### About this task:
Print each entry word for word without images.

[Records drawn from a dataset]
##########
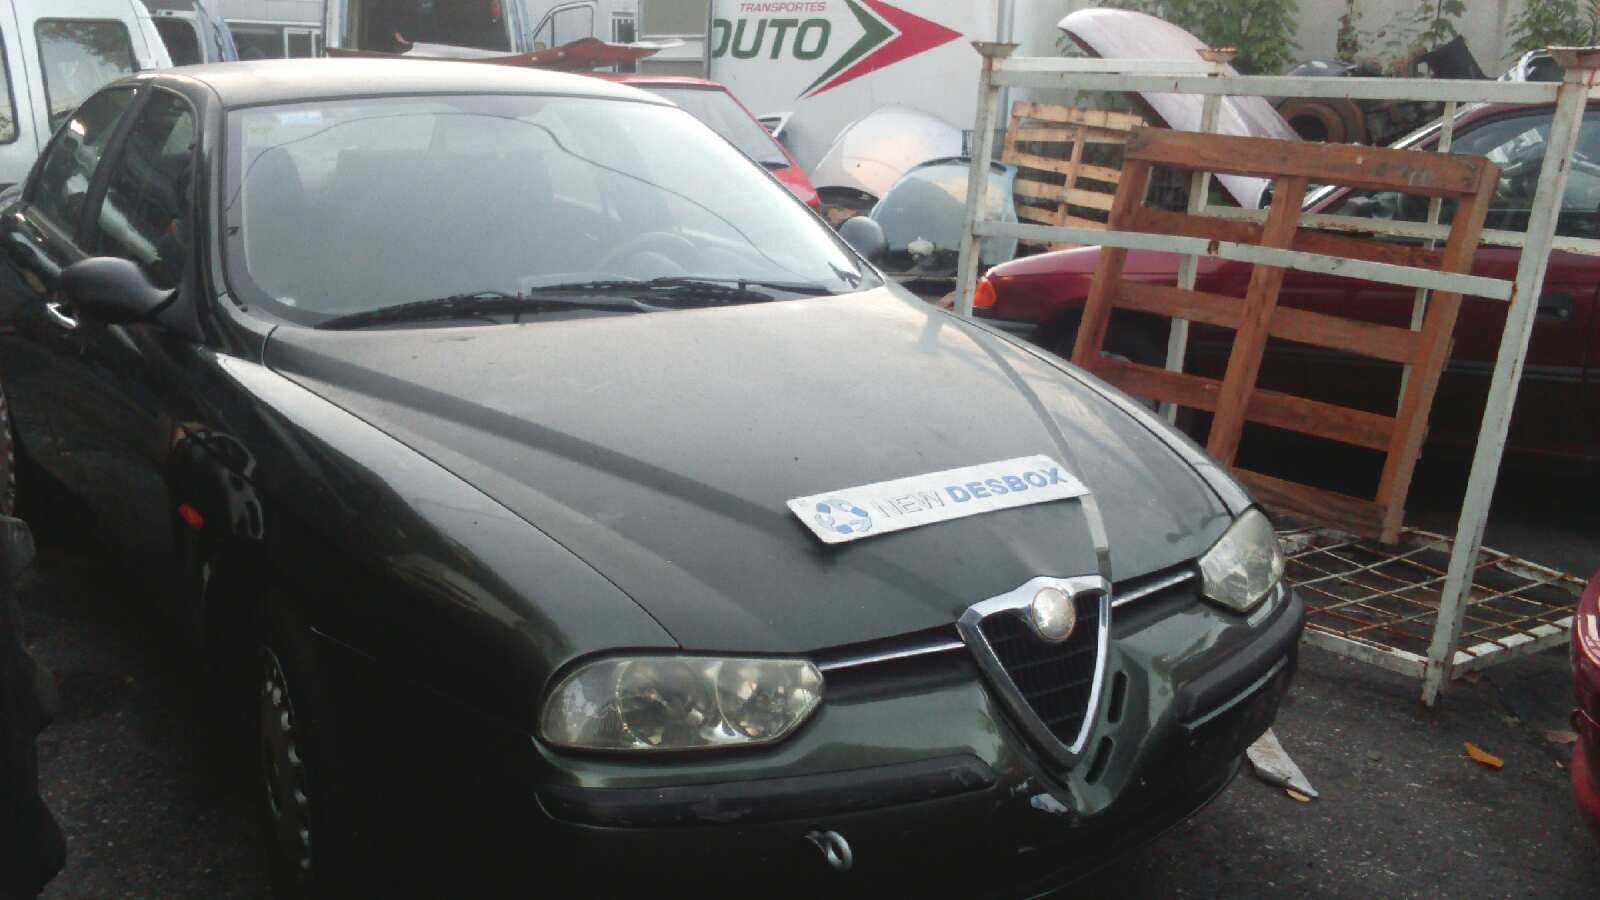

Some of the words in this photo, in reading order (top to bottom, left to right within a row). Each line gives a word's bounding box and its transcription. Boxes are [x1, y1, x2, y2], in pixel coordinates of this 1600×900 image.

[740, 1, 826, 12] TRANSPORTES
[870, 488, 946, 518] NEW
[943, 467, 1068, 502] DESBOX
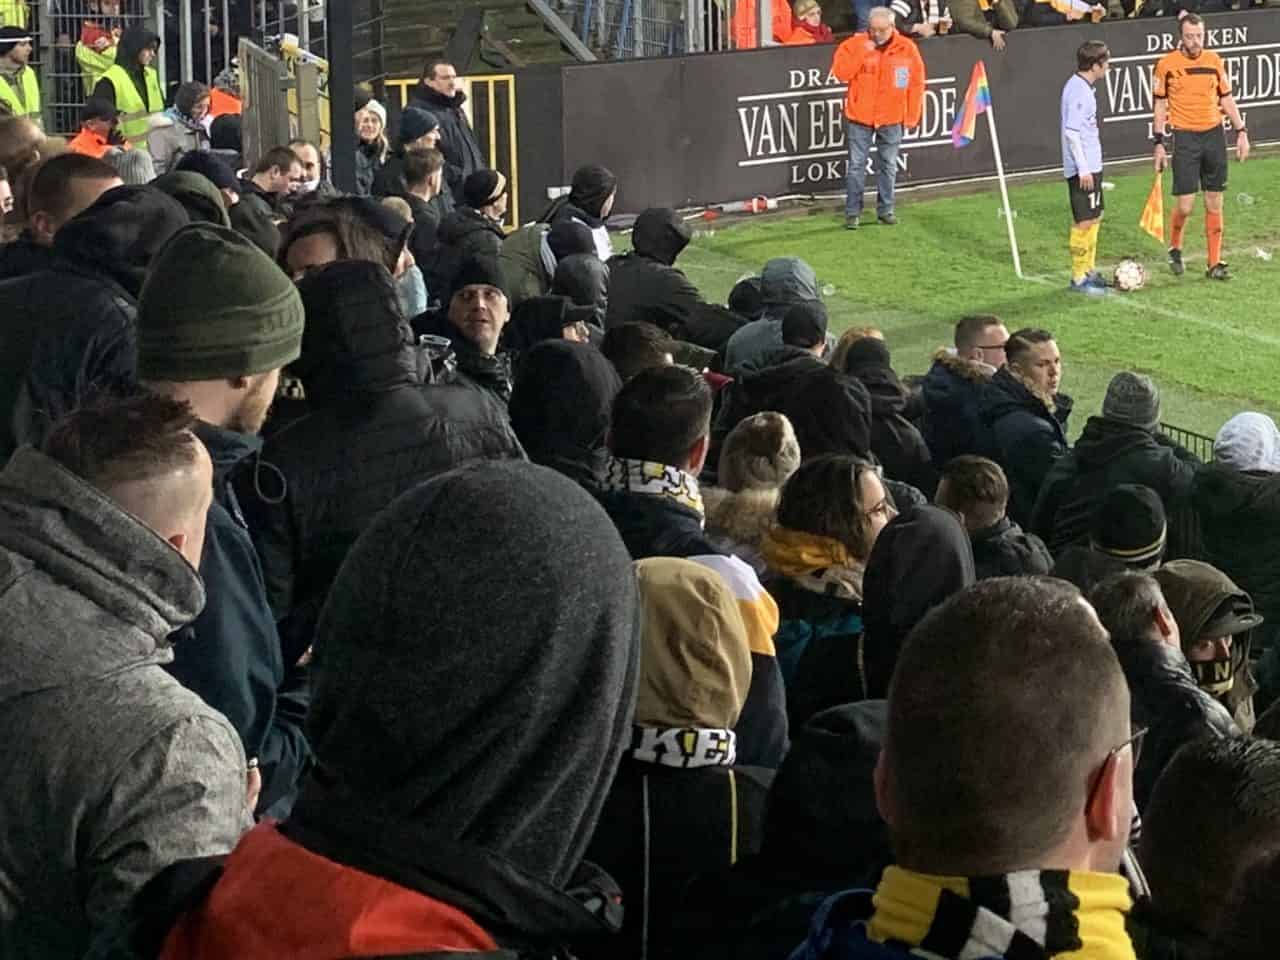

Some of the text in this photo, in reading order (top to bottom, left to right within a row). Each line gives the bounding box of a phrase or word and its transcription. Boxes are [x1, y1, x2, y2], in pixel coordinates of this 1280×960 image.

[1146, 26, 1248, 52] DRKEN
[1104, 63, 1154, 114] VAN
[737, 102, 800, 159] VAN
[791, 152, 909, 184] LOKRN
##########
### Result of the task:
Some of the words in this photo, in reading order (top to bottom, left to right within a row). Each line gives a word's bounding box and its transcription. Boxes are [x1, y1, x2, y2], in pixel coordinates of this 1600×900 image.

[740, 1, 826, 12] TRANSPORTES
[870, 488, 946, 518] NEW
[943, 467, 1068, 502] DESBOX

Some of the text in this photo, in reading order (top to bottom, left to right within a row). Each line gives the bounding box of a phrase or word and its transcription. Boxes are [x1, y1, x2, y2], in pixel coordinates of this 1280×960 image.

[1146, 26, 1248, 52] DRKEN
[1104, 63, 1154, 114] VAN
[737, 102, 800, 159] VAN
[791, 152, 909, 184] LOKRN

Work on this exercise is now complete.